TASK TO CARRY OUT —
An exact, complete copy of the lines below is the expected answer.

EXERCISE INPUT —
▶

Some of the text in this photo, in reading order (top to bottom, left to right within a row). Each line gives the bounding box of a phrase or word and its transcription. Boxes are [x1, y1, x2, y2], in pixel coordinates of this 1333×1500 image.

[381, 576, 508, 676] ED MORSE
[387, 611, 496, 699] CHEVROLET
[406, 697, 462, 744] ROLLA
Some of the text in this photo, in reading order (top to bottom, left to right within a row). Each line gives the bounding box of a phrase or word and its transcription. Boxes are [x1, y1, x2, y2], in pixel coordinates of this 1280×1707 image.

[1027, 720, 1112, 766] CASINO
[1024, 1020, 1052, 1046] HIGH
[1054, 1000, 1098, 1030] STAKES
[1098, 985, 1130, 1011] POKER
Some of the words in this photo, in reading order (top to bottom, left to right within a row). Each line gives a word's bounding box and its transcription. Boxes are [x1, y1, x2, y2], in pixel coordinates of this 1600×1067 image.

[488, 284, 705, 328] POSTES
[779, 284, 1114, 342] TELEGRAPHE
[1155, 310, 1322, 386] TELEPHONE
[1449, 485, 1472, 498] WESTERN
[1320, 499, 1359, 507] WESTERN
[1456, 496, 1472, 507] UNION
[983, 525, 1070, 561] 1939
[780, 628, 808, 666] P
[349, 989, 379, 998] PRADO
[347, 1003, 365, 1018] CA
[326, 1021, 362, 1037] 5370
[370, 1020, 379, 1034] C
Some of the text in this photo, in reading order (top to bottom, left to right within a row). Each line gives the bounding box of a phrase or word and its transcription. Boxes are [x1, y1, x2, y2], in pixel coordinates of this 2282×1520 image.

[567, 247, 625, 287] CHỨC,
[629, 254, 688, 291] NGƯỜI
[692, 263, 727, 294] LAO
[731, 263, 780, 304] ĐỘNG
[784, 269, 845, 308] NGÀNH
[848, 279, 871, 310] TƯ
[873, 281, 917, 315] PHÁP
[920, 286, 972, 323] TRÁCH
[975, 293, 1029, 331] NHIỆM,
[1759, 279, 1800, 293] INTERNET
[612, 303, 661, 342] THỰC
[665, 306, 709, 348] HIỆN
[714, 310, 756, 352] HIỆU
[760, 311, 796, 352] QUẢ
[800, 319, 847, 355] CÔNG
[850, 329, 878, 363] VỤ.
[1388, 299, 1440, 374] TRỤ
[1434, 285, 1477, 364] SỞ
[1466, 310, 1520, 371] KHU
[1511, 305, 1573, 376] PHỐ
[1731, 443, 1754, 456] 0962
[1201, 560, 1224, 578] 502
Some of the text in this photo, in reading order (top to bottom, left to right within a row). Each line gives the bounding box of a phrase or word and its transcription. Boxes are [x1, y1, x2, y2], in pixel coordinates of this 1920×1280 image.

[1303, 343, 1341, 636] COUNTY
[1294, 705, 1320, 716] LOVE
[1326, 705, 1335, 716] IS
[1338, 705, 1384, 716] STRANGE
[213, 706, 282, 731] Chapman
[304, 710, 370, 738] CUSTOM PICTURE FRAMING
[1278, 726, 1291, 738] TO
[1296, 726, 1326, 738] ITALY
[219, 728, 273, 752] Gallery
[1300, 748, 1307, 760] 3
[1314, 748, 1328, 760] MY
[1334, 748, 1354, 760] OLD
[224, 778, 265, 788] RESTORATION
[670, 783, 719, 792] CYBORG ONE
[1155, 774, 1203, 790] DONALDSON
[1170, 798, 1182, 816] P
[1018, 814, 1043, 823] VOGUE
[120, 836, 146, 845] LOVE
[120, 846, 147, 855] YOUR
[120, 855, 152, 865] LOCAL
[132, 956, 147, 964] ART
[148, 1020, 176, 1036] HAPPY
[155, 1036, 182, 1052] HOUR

◀

RESPONSE —
Some of the text in this photo, in reading order (top to bottom, left to right within a row). Each line gives the bounding box of a phrase or word and its transcription. Boxes are [x1, y1, x2, y2], in pixel coordinates of this 1333×1500 image.

[381, 576, 508, 676] ED MORSE
[387, 611, 496, 699] CHEVROLET
[406, 697, 462, 744] ROLLA
Some of the text in this photo, in reading order (top to bottom, left to right within a row). Each line gives the bounding box of a phrase or word and its transcription. Boxes are [x1, y1, x2, y2], in pixel coordinates of this 1280×1707 image.

[1027, 720, 1112, 766] CASINO
[1024, 1020, 1052, 1046] HIGH
[1054, 1000, 1098, 1030] STAKES
[1098, 985, 1130, 1011] POKER
Some of the words in this photo, in reading order (top to bottom, left to right within a row). Each line gives a word's bounding box and its transcription. Boxes are [x1, y1, x2, y2], in pixel coordinates of this 1600×1067 image.

[488, 284, 705, 328] POSTES
[779, 284, 1114, 342] TELEGRAPHE
[1155, 310, 1322, 386] TELEPHONE
[1449, 485, 1472, 498] WESTERN
[1320, 499, 1359, 507] WESTERN
[1456, 496, 1472, 507] UNION
[983, 525, 1070, 561] 1939
[780, 628, 808, 666] P
[349, 989, 379, 998] PRADO
[347, 1003, 365, 1018] CA
[326, 1021, 362, 1037] 5370
[370, 1020, 379, 1034] C
Some of the text in this photo, in reading order (top to bottom, left to right within a row). Each line gives the bounding box of a phrase or word and its transcription. Boxes are [x1, y1, x2, y2], in pixel coordinates of this 2282×1520 image.

[567, 247, 625, 287] CHỨC,
[629, 254, 688, 291] NGƯỜI
[692, 263, 727, 294] LAO
[731, 263, 780, 304] ĐỘNG
[784, 269, 845, 308] NGÀNH
[848, 279, 871, 310] TƯ
[873, 281, 917, 315] PHÁP
[920, 286, 972, 323] TRÁCH
[975, 293, 1029, 331] NHIỆM,
[1759, 279, 1800, 293] INTERNET
[612, 303, 661, 342] THỰC
[665, 306, 709, 348] HIỆN
[714, 310, 756, 352] HIỆU
[760, 311, 796, 352] QUẢ
[800, 319, 847, 355] CÔNG
[850, 329, 878, 363] VỤ.
[1388, 299, 1440, 374] TRỤ
[1434, 285, 1477, 364] SỞ
[1466, 310, 1520, 371] KHU
[1511, 305, 1573, 376] PHỐ
[1731, 443, 1754, 456] 0962
[1201, 560, 1224, 578] 502
Some of the text in this photo, in reading order (top to bottom, left to right within a row). Each line gives the bounding box of a phrase or word and its transcription. Boxes are [x1, y1, x2, y2], in pixel coordinates of this 1920×1280 image.

[1303, 343, 1341, 636] COUNTY
[1294, 705, 1320, 716] LOVE
[1326, 705, 1335, 716] IS
[1338, 705, 1384, 716] STRANGE
[213, 706, 282, 731] Chapman
[304, 710, 370, 738] CUSTOM PICTURE FRAMING
[1278, 726, 1291, 738] TO
[1296, 726, 1326, 738] ITALY
[219, 728, 273, 752] Gallery
[1300, 748, 1307, 760] 3
[1314, 748, 1328, 760] MY
[1334, 748, 1354, 760] OLD
[224, 778, 265, 788] RESTORATION
[670, 783, 719, 792] CYBORG ONE
[1155, 774, 1203, 790] DONALDSON
[1170, 798, 1182, 816] P
[1018, 814, 1043, 823] VOGUE
[120, 836, 146, 845] LOVE
[120, 846, 147, 855] YOUR
[120, 855, 152, 865] LOCAL
[132, 956, 147, 964] ART
[148, 1020, 176, 1036] HAPPY
[155, 1036, 182, 1052] HOUR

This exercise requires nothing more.